Poster: Epidemiology: Pathogen-Vector Interations
First report of laurel wilt on sassafras in Arkansas
R. OLATINWO (1), C. Barton (2), J. Hwang (3), W. Johnson (3) (1) USDA Forest Service, Southern Research Station, U.S.A.; (2) Arkansas Forestry Commision, U.S.A.; (3) USDA Forest Service, Forest Health Protection, U.S.A.
Laurel wilt, caused by the fungus Raffaelea lauricola T.C. Harrin., Aghayeva & Fraedrich, is a lethal disease of redbay (Persea borbonia (L.) Spreng.), sassafras (Sassafras albidum (Nutt.) Nees), and other species in the laurel family (Lauraceae). The fungus is transmitted by an exotic ambrosia beetle (Xyleborus glabratus Eichh.) native to Asia introduced into the United States in 2002. It was first reported at Port Wentworth, Georgia and rapidly spread across the south causing extensive redbay mortality. On December 2, 2015, visit to a landowner in Bradley County near Warren, Arkansas (33.64511°N, 92.05134°W) led to the first reported mortality of sassafras caused by laurel wilt in Arkansas. Moderate degrees of staining and beetle galleries were found from symptomatic trees at this location. Suspect beetles collected from sapwood of affected trees were later identified as X. glabratus. The presence of R. lauricola was confirmed by morphological characterization and molecular identification of cultures obtained from stained sapwood tissues.
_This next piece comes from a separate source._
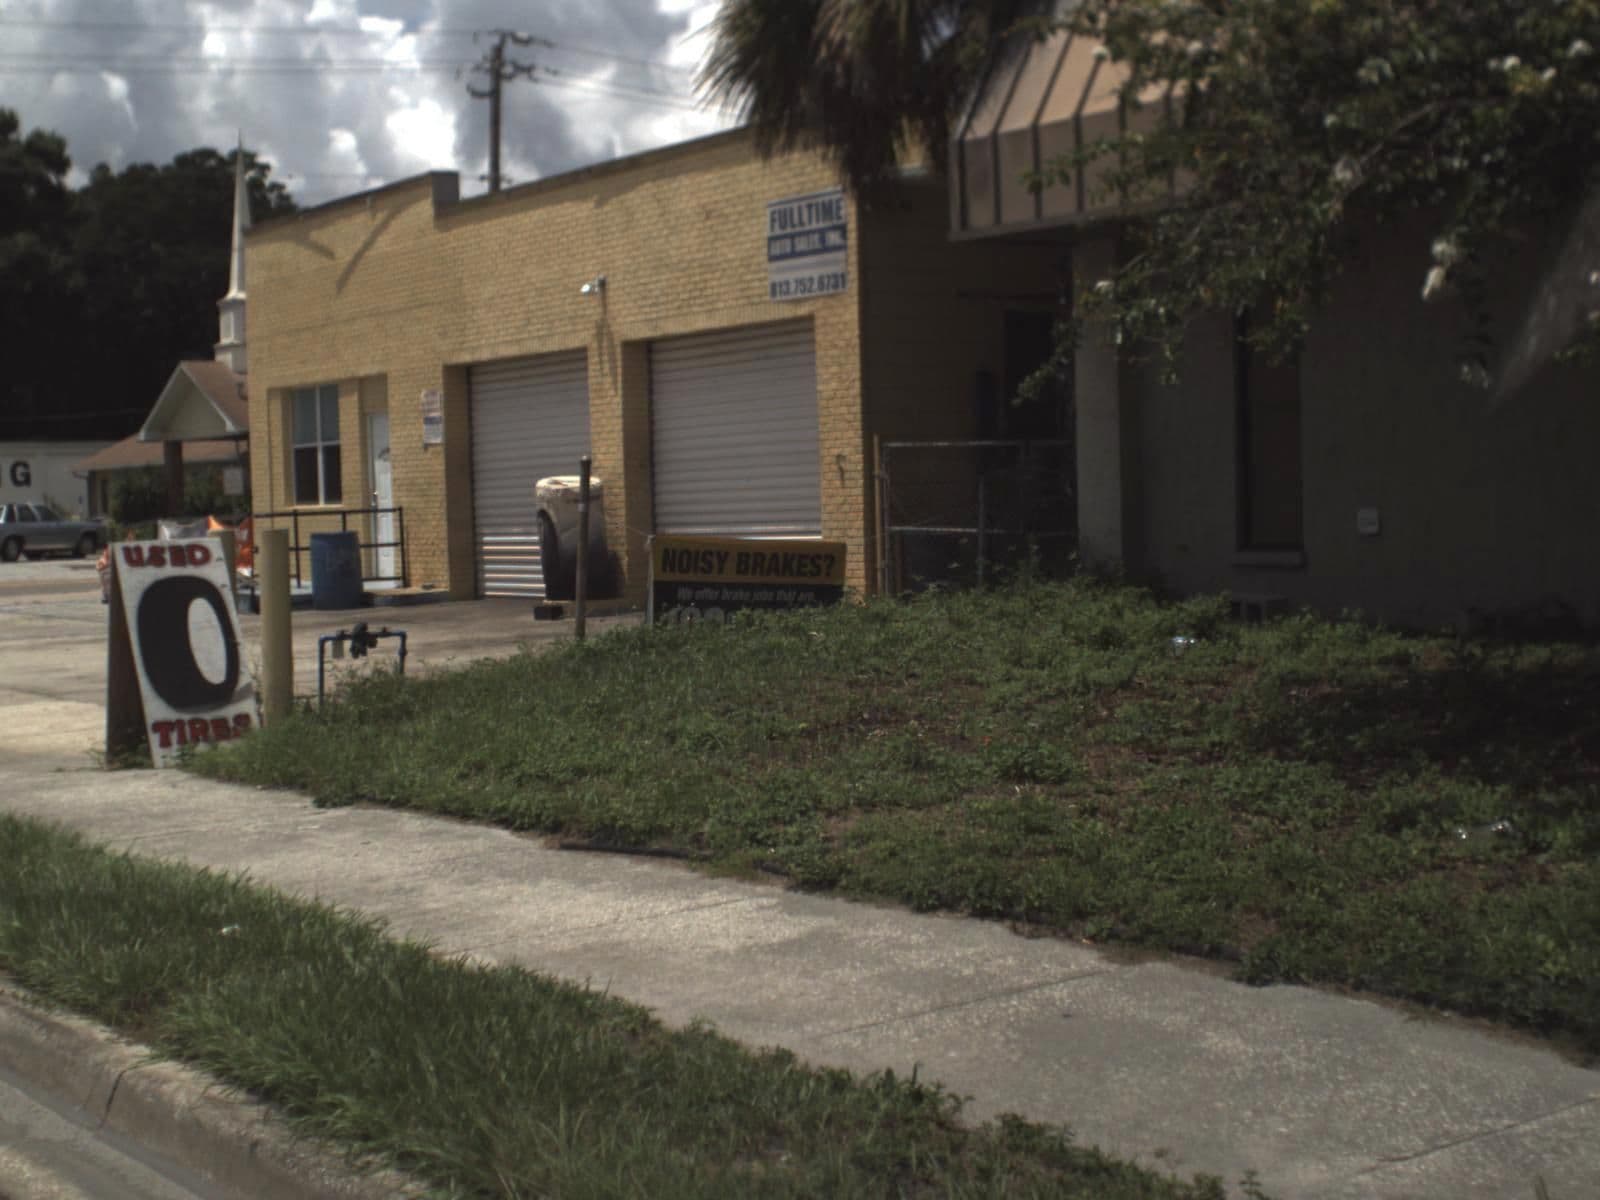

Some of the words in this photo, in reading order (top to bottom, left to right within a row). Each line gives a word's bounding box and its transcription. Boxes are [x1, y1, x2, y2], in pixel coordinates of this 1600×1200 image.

This is the first report of laurel wilt on sassafras or any other Lauraceae species in Arkansas. In 2014, laurel wilt was reported on sassafras in northern Louisiana (83 miles southwest). This new report in Arkansas may indicate northward movement of the disease into natural habitat of sassafras. However, the lack of redbay (a more attractive host) in this region may slow the northward spread of laurel wilt in Arkansas.